Every record should be copied exactly, except that pictures are to be omitted.

**PROVIDED RECORDS:**
#####

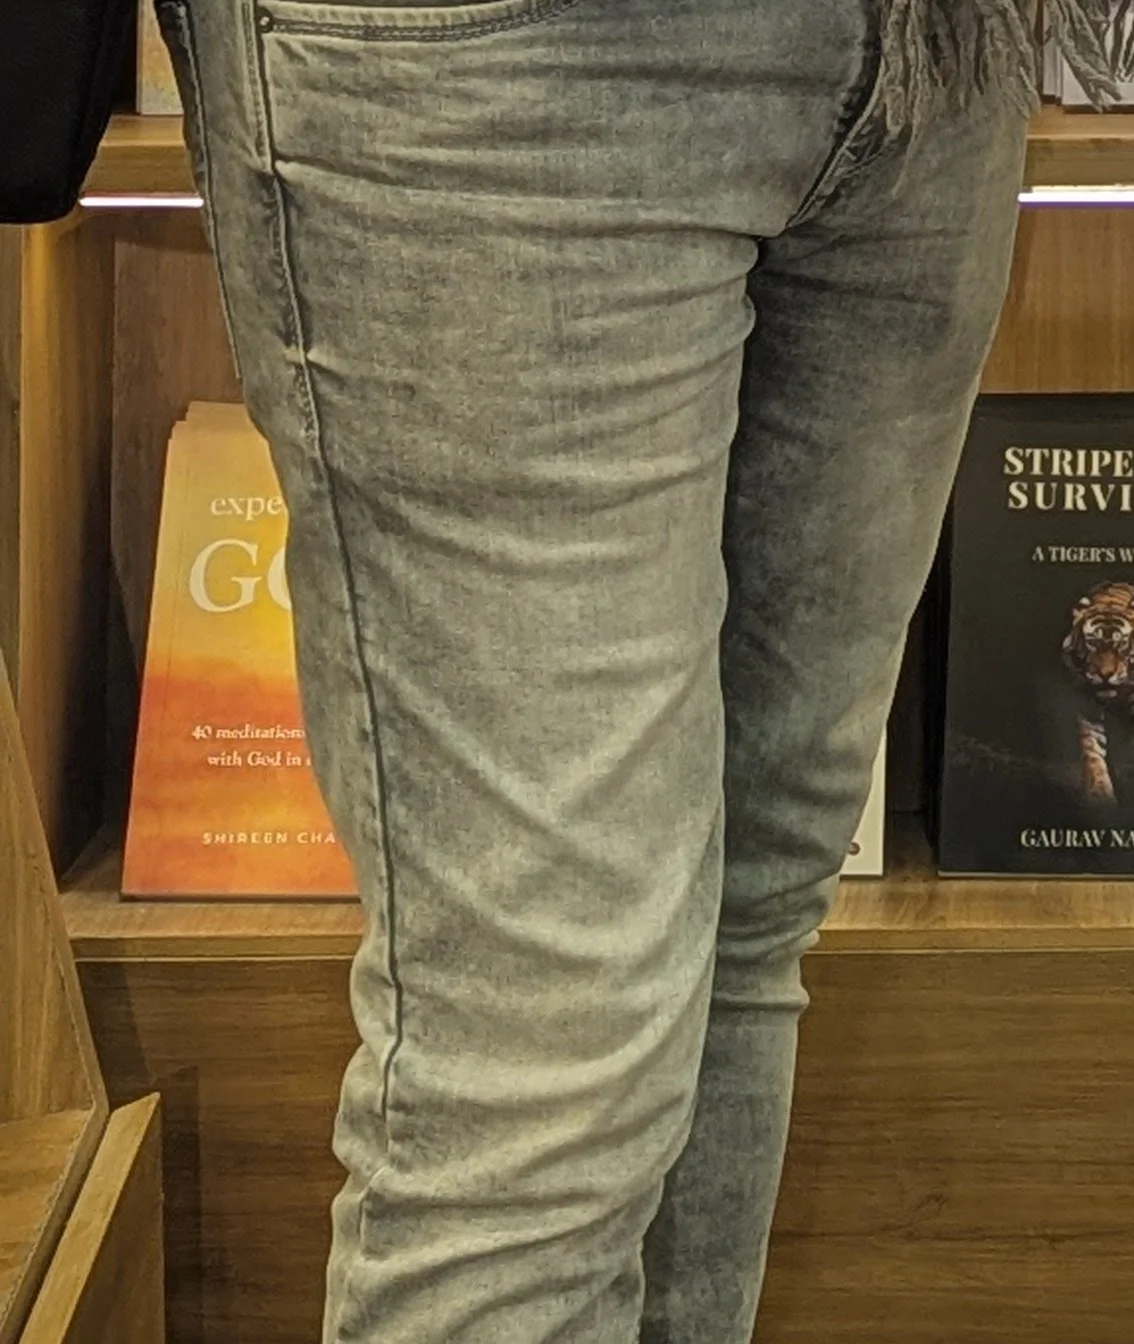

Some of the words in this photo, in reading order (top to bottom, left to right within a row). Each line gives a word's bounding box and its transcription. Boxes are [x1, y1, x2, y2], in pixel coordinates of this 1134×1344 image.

[1032, 546, 1044, 561] A
[192, 725, 212, 739] 40
[207, 751, 242, 766] with
[247, 750, 282, 766] God
[286, 751, 302, 766] in
[202, 832, 288, 845] SHIREEN
[1021, 829, 1106, 848] GAURAV

#####

**ANSWER TO THIS EXERCISE:**
Some of the words in this photo, in reading order (top to bottom, left to right within a row). Each line gives a word's bounding box and its transcription. Boxes are [x1, y1, x2, y2], in pixel coordinates of this 1134×1344 image.

[1032, 546, 1044, 561] A
[192, 725, 212, 739] 40
[207, 751, 242, 766] with
[247, 750, 282, 766] God
[286, 751, 302, 766] in
[202, 832, 288, 845] SHIREEN
[1021, 829, 1106, 848] GAURAV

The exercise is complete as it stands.